The drive phase of the stroke shown in figure 3.5 is the work phase. This is the only part of the stroke where you can generate power, so it is critical to ensure that you’re following the proper sequence of legs, body, arms throughout the drive. The leg muscles are the largest and strongest muscle group in the body, contributing about 60% of the work during the rowing stroke. Once the knees extend, the upper body maintains the acceleration the lower body initiated, performing an additional 30% of the work as the body swings open. From here, the arms finish the last 10% as they move quickly into the chest and then back out to initiate the recovery phase.
KEY POINT
The drive is the only part of the stroke where you can generate power, so it is critical to ensure that you’re following the proper sequence of legs, body, arms throughout the drive.
Body Position
- Brace your core.
- Keep your shoulders in front of your hips throughout the drive until you almost fully extend your knees.

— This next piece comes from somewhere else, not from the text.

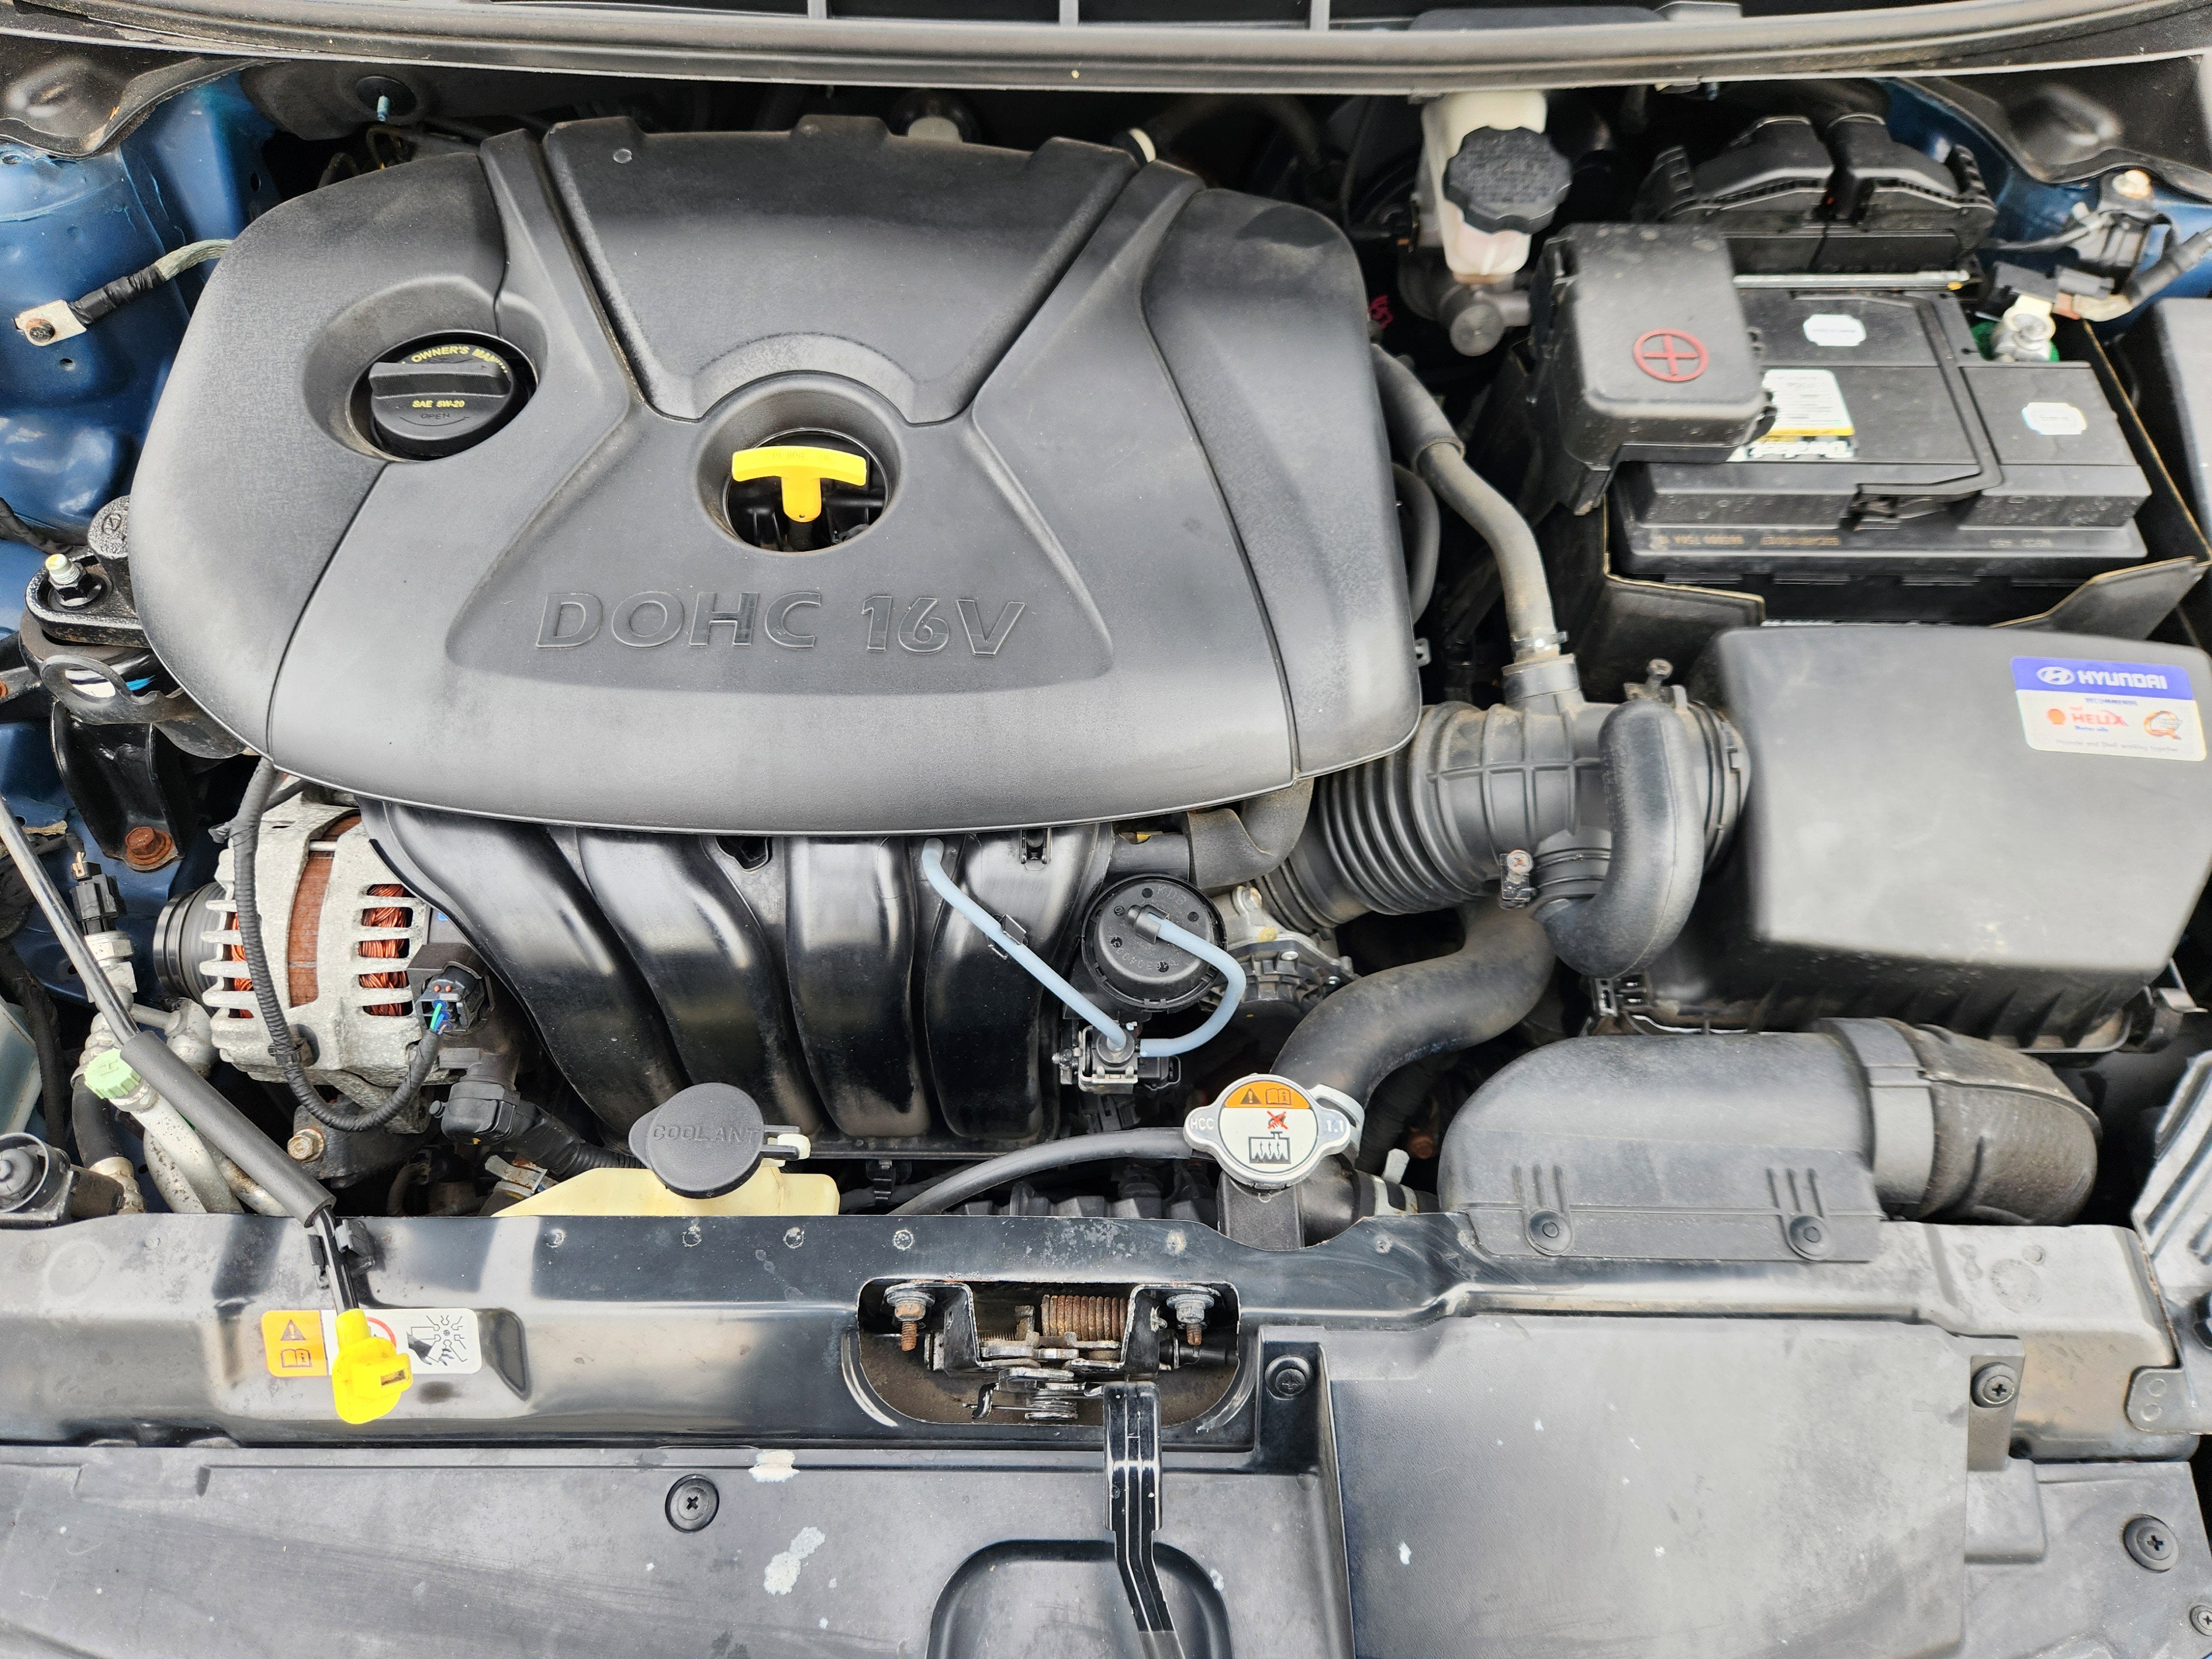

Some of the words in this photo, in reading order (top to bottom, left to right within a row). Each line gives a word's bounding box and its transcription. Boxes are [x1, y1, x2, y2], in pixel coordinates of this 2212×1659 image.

- After extending your knees, swing your body back and pull the handle to your sternum.
Arms and Shoulders
- Extend your arms fully through the drive to the finish.
Hands and Grip
- Once your body swings open, pull the handle to your chest.
Moving out of the catch position, the lower abdominal muscles brace to protect the lower back, and the hamstrings contract to initiate the force against the foot stretcher. The quadriceps femoris muscle group (rectus femoris, vastus lateralis, vastus medialis, and vastus intermedius) extends the knees. As the knees extend, the back muscles (latissimus dorsi, lower and upper trapezius, rhomboids, and erector spinae) work in conjunction with the gluteus muscles to swing the hips open. The biceps and deltoids will activate to finish the stroke by pulling the handle to the chest.
One of the most common stroke errors—opening the hips too soon or leading with the shoulders—happens on the drive, causing a less efficient generation of force. Opening the hips too soon forces you to rely on the upper body and back to generate intensity, and you miss out on the full use of leg power. It can also put additional strain on your lower back, increasing the risk of injury.